◆ WORK ORDER
Without including the images, transcribe each record precisely as it appears below.

◆ SUPPLIED ENTRIES
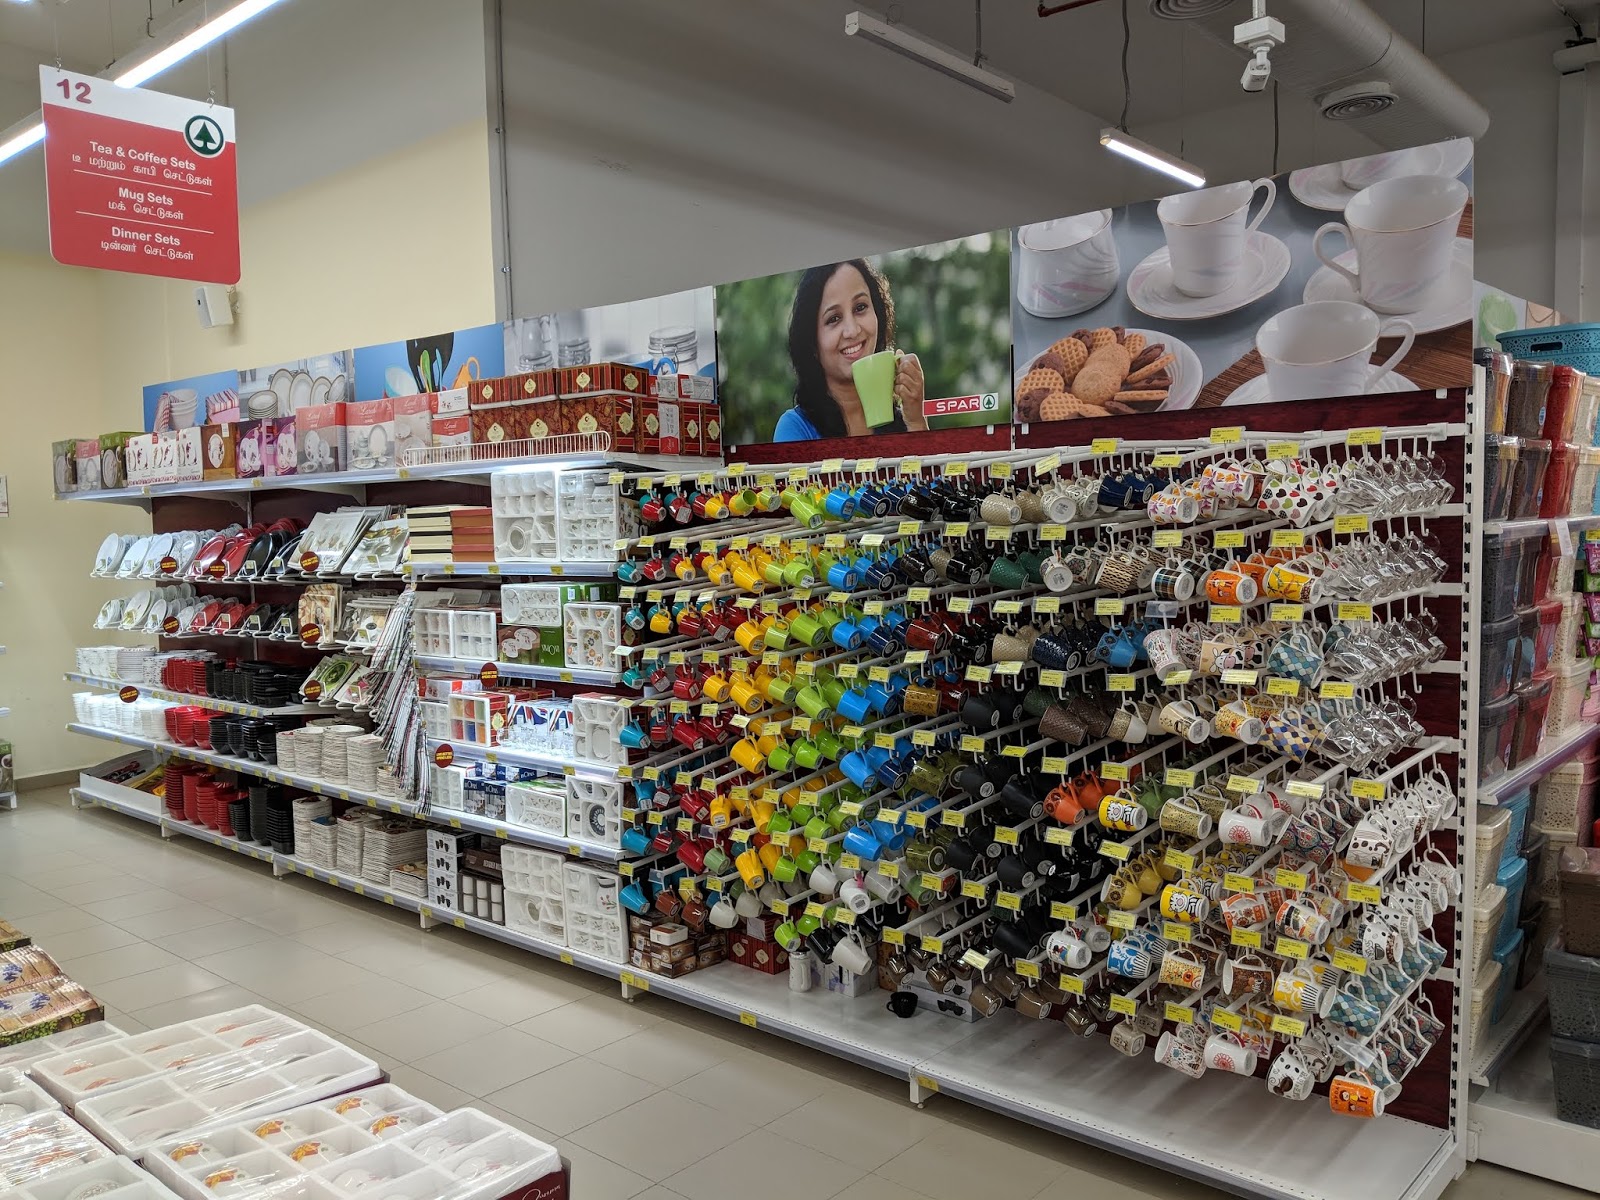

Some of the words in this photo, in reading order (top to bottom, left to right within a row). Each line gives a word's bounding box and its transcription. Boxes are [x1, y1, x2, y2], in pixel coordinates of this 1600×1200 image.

[56, 78, 92, 104] 12
[89, 141, 112, 155] Tea
[116, 146, 125, 158] &
[128, 149, 167, 165] Coffee
[170, 156, 196, 171] Sets
[89, 156, 126, 171] மற்றும்
[133, 163, 156, 176] காபி
[163, 168, 213, 187] செட்டுகள்
[118, 187, 144, 202] Mug
[147, 192, 173, 206] Sets
[133, 203, 184, 220] செட்டுகள்
[111, 226, 152, 242] Dinner
[154, 232, 181, 246] Sets
[144, 244, 194, 261] செட்டுகள்
[936, 398, 979, 412] SPAR

◆ COMPLETED TASK
Some of the words in this photo, in reading order (top to bottom, left to right within a row). Each line gives a word's bounding box and its transcription. Boxes are [x1, y1, x2, y2], in pixel coordinates of this 1600×1200 image.

[56, 78, 92, 104] 12
[89, 141, 112, 155] Tea
[116, 146, 125, 158] &
[128, 149, 167, 165] Coffee
[170, 156, 196, 171] Sets
[89, 156, 126, 171] மற்றும்
[133, 163, 156, 176] காபி
[163, 168, 213, 187] செட்டுகள்
[118, 187, 144, 202] Mug
[147, 192, 173, 206] Sets
[133, 203, 184, 220] செட்டுகள்
[111, 226, 152, 242] Dinner
[154, 232, 181, 246] Sets
[144, 244, 194, 261] செட்டுகள்
[936, 398, 979, 412] SPAR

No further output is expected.